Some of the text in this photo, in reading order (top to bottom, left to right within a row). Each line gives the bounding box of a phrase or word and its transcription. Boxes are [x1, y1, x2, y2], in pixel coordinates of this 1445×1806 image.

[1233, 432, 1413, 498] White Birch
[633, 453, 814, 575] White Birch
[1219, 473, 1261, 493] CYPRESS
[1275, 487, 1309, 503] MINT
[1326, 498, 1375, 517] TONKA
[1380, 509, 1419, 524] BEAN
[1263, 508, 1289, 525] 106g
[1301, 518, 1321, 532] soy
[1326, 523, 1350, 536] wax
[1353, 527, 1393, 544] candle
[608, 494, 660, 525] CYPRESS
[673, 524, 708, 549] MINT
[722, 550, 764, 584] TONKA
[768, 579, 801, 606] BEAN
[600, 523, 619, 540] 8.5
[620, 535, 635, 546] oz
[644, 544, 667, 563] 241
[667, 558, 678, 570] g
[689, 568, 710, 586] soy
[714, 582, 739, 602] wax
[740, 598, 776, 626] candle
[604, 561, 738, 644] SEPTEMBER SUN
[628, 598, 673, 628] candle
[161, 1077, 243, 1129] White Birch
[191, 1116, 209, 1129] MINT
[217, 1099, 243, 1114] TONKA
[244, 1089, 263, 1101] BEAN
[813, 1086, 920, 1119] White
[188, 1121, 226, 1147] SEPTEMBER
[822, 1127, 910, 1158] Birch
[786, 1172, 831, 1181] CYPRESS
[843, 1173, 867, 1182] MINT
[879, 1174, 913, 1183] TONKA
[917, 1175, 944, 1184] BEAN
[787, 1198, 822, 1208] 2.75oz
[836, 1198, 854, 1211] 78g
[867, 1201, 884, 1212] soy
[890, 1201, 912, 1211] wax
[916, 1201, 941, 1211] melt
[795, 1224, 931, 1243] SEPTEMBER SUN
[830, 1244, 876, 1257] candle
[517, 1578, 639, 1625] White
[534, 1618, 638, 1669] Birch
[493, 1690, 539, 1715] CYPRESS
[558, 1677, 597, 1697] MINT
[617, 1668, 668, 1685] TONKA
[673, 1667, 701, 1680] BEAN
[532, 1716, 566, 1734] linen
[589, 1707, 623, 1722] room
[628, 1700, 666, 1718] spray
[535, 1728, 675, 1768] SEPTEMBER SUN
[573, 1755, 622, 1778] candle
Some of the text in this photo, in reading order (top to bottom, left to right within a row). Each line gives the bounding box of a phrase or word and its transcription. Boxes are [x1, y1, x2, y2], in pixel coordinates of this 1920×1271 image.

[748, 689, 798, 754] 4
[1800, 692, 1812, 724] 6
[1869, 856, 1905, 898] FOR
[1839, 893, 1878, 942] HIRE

== == ==

Beginning at the line containing "this 1920×1271 image.", repeat each line exactly through the last line of the entries, and include no other lines.

— YOUR RESPONSE —
Some of the text in this photo, in reading order (top to bottom, left to right within a row). Each line gives the bounding box of a phrase or word and its transcription. Boxes are [x1, y1, x2, y2], in pixel coordinates of this 1920×1271 image.

[748, 689, 798, 754] 4
[1800, 692, 1812, 724] 6
[1869, 856, 1905, 898] FOR
[1839, 893, 1878, 942] HIRE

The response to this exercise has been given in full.